(Available data begins)

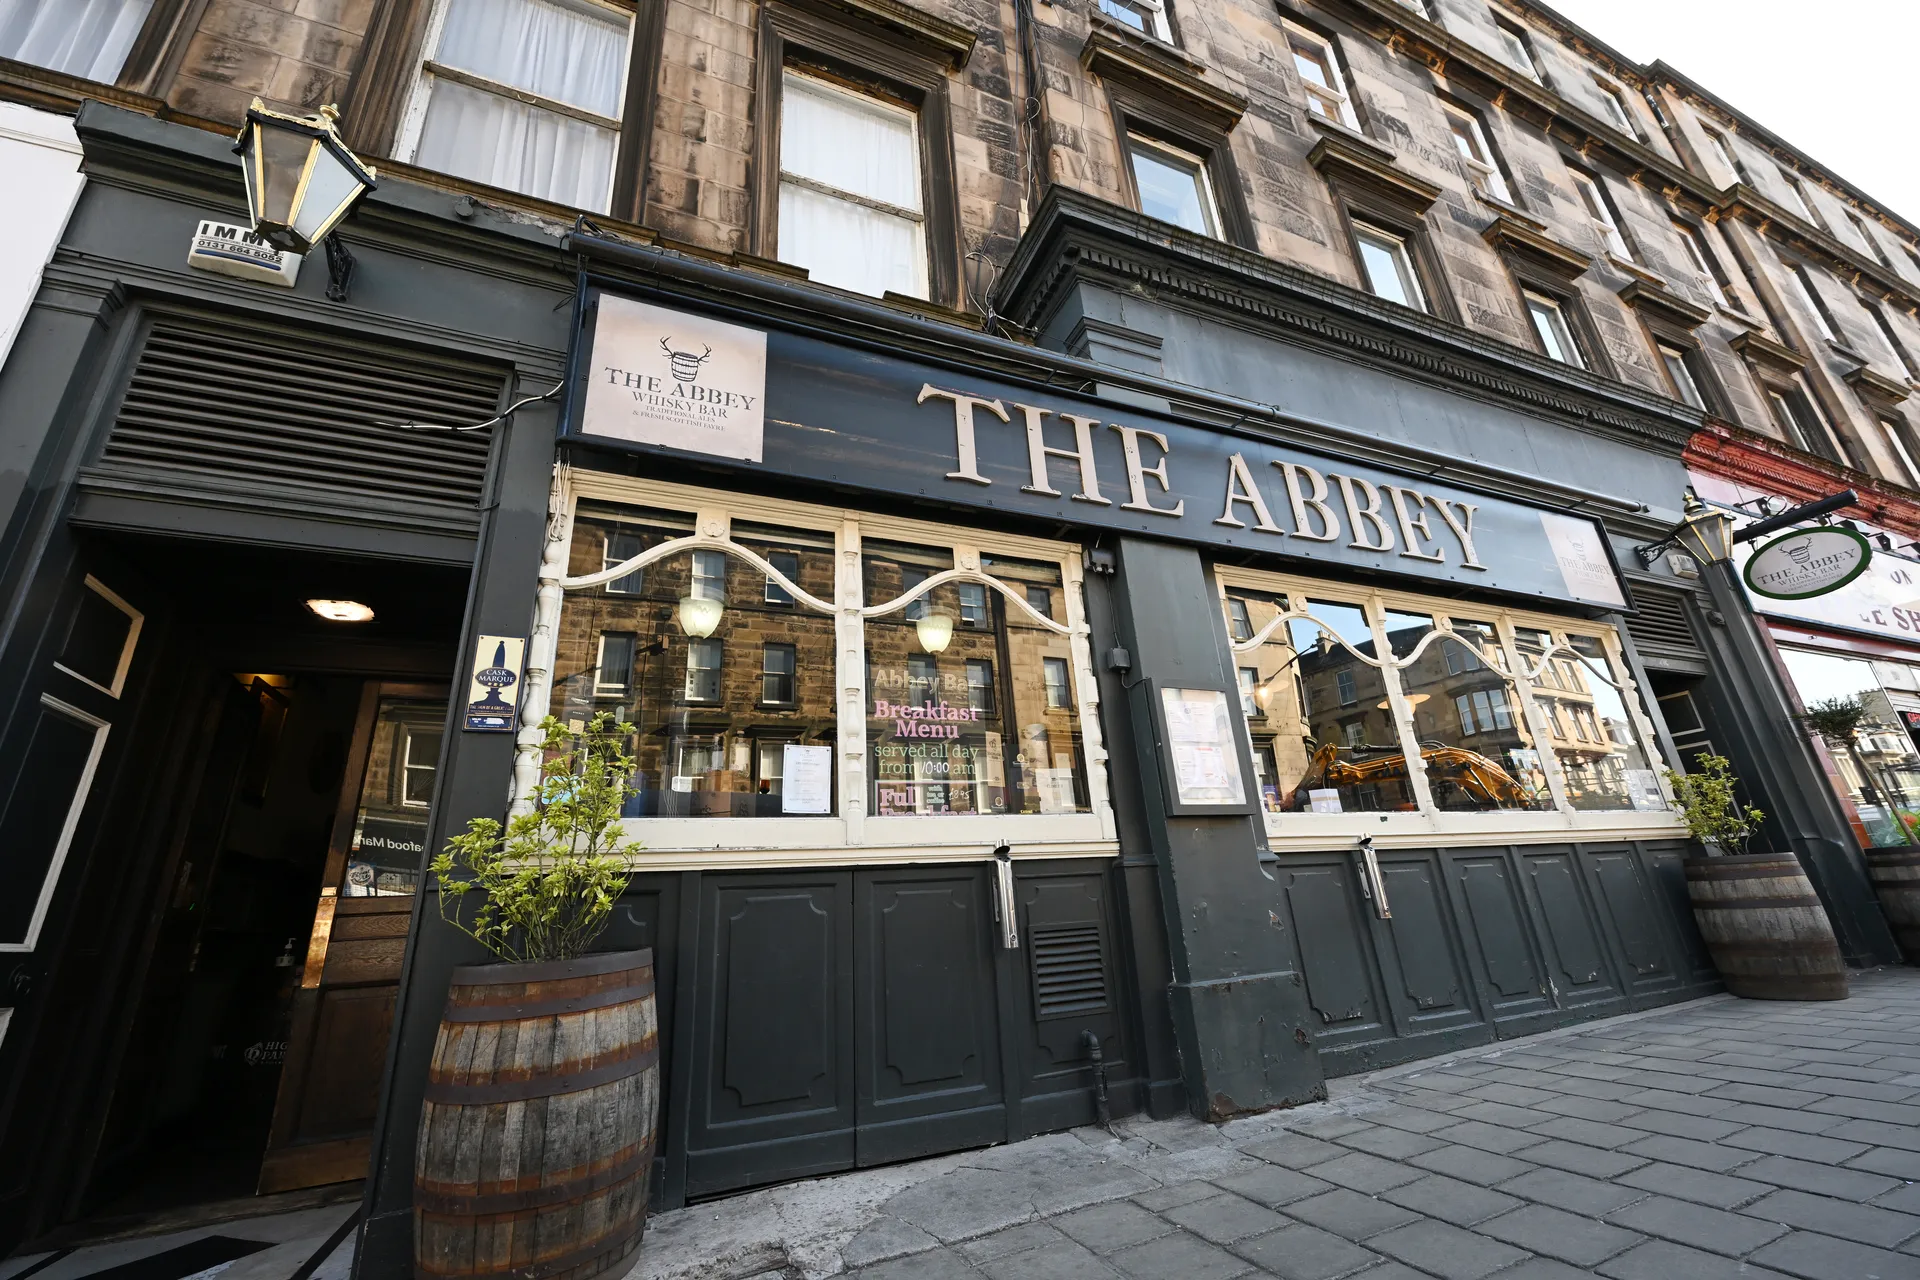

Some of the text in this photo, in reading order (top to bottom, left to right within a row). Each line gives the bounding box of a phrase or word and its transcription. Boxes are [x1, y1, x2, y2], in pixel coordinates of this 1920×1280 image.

[201, 223, 264, 246] IMM
[198, 240, 225, 250] 0131
[229, 244, 251, 255] 664
[253, 251, 283, 262] 5052
[605, 366, 757, 411] THE ABBEY
[632, 391, 728, 418] WHISKY BAR
[645, 404, 716, 423] TRADITIONAL ALES
[640, 411, 665, 421] FRESH
[665, 416, 702, 427] SCOTTISH
[703, 423, 727, 432] FAYRE
[917, 382, 1489, 571] THE ABBEY
[1560, 556, 1611, 576] THE ABBEY
[1757, 548, 1856, 585] THE ABBEY
[1778, 564, 1842, 586] WHISKY BAR
[478, 675, 514, 683] MARQUE
[874, 669, 977, 695] Abbey Bar
[874, 700, 979, 722] Breakfast
[895, 720, 960, 739] Menu
[874, 744, 927, 758] served
[930, 743, 949, 758] all
[952, 743, 980, 761] day
[879, 760, 916, 775] from
[953, 763, 977, 775] am
[880, 786, 919, 807] Full

(Available data ends)

» **Assignment**
Once the pictures are set aside, please output all the data word for word.

» **Task answer**
Some of the text in this photo, in reading order (top to bottom, left to right within a row). Each line gives the bounding box of a phrase or word and its transcription. Boxes are [x1, y1, x2, y2], in pixel coordinates of this 1920×1280 image.

[201, 223, 264, 246] IMM
[198, 240, 225, 250] 0131
[229, 244, 251, 255] 664
[253, 251, 283, 262] 5052
[605, 366, 757, 411] THE ABBEY
[632, 391, 728, 418] WHISKY BAR
[645, 404, 716, 423] TRADITIONAL ALES
[640, 411, 665, 421] FRESH
[665, 416, 702, 427] SCOTTISH
[703, 423, 727, 432] FAYRE
[917, 382, 1489, 571] THE ABBEY
[1560, 556, 1611, 576] THE ABBEY
[1757, 548, 1856, 585] THE ABBEY
[1778, 564, 1842, 586] WHISKY BAR
[478, 675, 514, 683] MARQUE
[874, 669, 977, 695] Abbey Bar
[874, 700, 979, 722] Breakfast
[895, 720, 960, 739] Menu
[874, 744, 927, 758] served
[930, 743, 949, 758] all
[952, 743, 980, 761] day
[879, 760, 916, 775] from
[953, 763, 977, 775] am
[880, 786, 919, 807] Full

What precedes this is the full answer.